WHAT YOU HAVE TO DO: Below are records to write out again, exactly as they read.

==========

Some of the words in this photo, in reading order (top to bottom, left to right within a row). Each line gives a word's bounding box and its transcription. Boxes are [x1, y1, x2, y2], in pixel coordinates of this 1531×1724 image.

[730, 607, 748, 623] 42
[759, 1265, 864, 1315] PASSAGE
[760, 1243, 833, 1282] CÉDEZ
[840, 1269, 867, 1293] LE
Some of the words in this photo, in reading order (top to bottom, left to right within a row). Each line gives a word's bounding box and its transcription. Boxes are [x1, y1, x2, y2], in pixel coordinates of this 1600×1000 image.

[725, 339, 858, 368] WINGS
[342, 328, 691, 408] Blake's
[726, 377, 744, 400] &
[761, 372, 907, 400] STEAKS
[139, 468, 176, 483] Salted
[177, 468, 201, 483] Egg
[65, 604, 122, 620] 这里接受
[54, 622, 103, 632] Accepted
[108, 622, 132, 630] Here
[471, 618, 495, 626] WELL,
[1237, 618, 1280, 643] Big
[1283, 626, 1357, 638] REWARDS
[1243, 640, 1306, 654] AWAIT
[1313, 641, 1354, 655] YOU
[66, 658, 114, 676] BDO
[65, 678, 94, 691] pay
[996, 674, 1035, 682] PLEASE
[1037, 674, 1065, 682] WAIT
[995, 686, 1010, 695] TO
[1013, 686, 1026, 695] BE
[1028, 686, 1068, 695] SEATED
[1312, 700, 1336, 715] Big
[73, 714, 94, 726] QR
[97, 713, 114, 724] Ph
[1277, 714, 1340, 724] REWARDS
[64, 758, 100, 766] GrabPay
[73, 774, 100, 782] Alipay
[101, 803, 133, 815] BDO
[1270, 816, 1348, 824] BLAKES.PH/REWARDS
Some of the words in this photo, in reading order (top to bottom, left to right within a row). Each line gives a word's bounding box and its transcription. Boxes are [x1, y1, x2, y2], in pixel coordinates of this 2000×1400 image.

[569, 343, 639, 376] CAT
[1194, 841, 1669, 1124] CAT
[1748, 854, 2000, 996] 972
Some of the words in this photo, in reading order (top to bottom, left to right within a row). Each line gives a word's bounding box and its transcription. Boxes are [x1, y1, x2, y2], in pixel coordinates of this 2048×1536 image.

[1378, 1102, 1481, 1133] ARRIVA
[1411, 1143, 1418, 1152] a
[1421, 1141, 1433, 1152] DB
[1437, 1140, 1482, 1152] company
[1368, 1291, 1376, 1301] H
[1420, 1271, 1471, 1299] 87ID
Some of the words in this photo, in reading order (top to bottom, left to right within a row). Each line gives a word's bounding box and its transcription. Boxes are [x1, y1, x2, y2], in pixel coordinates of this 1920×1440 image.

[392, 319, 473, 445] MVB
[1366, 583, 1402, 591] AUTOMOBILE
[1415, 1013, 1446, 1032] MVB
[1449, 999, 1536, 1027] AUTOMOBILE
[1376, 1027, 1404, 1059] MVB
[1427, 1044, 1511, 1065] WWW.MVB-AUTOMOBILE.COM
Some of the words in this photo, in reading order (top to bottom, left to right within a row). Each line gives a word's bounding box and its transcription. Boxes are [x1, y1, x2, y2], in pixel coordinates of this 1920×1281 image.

==========

ANSWER SECTION:
Some of the words in this photo, in reading order (top to bottom, left to right within a row). Each line gives a word's bounding box and its transcription. Boxes are [x1, y1, x2, y2], in pixel coordinates of this 1531×1724 image.

[730, 607, 748, 623] 42
[759, 1265, 864, 1315] PASSAGE
[760, 1243, 833, 1282] CÉDEZ
[840, 1269, 867, 1293] LE
Some of the words in this photo, in reading order (top to bottom, left to right within a row). Each line gives a word's bounding box and its transcription. Boxes are [x1, y1, x2, y2], in pixel coordinates of this 1600×1000 image.

[725, 339, 858, 368] WINGS
[342, 328, 691, 408] Blake's
[726, 377, 744, 400] &
[761, 372, 907, 400] STEAKS
[139, 468, 176, 483] Salted
[177, 468, 201, 483] Egg
[65, 604, 122, 620] 这里接受
[54, 622, 103, 632] Accepted
[108, 622, 132, 630] Here
[471, 618, 495, 626] WELL,
[1237, 618, 1280, 643] Big
[1283, 626, 1357, 638] REWARDS
[1243, 640, 1306, 654] AWAIT
[1313, 641, 1354, 655] YOU
[66, 658, 114, 676] BDO
[65, 678, 94, 691] pay
[996, 674, 1035, 682] PLEASE
[1037, 674, 1065, 682] WAIT
[995, 686, 1010, 695] TO
[1013, 686, 1026, 695] BE
[1028, 686, 1068, 695] SEATED
[1312, 700, 1336, 715] Big
[73, 714, 94, 726] QR
[97, 713, 114, 724] Ph
[1277, 714, 1340, 724] REWARDS
[64, 758, 100, 766] GrabPay
[73, 774, 100, 782] Alipay
[101, 803, 133, 815] BDO
[1270, 816, 1348, 824] BLAKES.PH/REWARDS
Some of the words in this photo, in reading order (top to bottom, left to right within a row). Each line gives a word's bounding box and its transcription. Boxes are [x1, y1, x2, y2], in pixel coordinates of this 2000×1400 image.

[569, 343, 639, 376] CAT
[1194, 841, 1669, 1124] CAT
[1748, 854, 2000, 996] 972
Some of the words in this photo, in reading order (top to bottom, left to right within a row). Each line gives a word's bounding box and its transcription. Boxes are [x1, y1, x2, y2], in pixel coordinates of this 2048×1536 image.

[1378, 1102, 1481, 1133] ARRIVA
[1411, 1143, 1418, 1152] a
[1421, 1141, 1433, 1152] DB
[1437, 1140, 1482, 1152] company
[1368, 1291, 1376, 1301] H
[1420, 1271, 1471, 1299] 87ID
Some of the words in this photo, in reading order (top to bottom, left to right within a row). Each line gives a word's bounding box and its transcription. Boxes are [x1, y1, x2, y2], in pixel coordinates of this 1920×1440 image.

[392, 319, 473, 445] MVB
[1366, 583, 1402, 591] AUTOMOBILE
[1415, 1013, 1446, 1032] MVB
[1449, 999, 1536, 1027] AUTOMOBILE
[1376, 1027, 1404, 1059] MVB
[1427, 1044, 1511, 1065] WWW.MVB-AUTOMOBILE.COM
Some of the words in this photo, in reading order (top to bottom, left to right within a row). Each line gives a word's bounding box and its transcription. Boxes are [x1, y1, x2, y2], in pixel coordinates of this 1920×1281 image.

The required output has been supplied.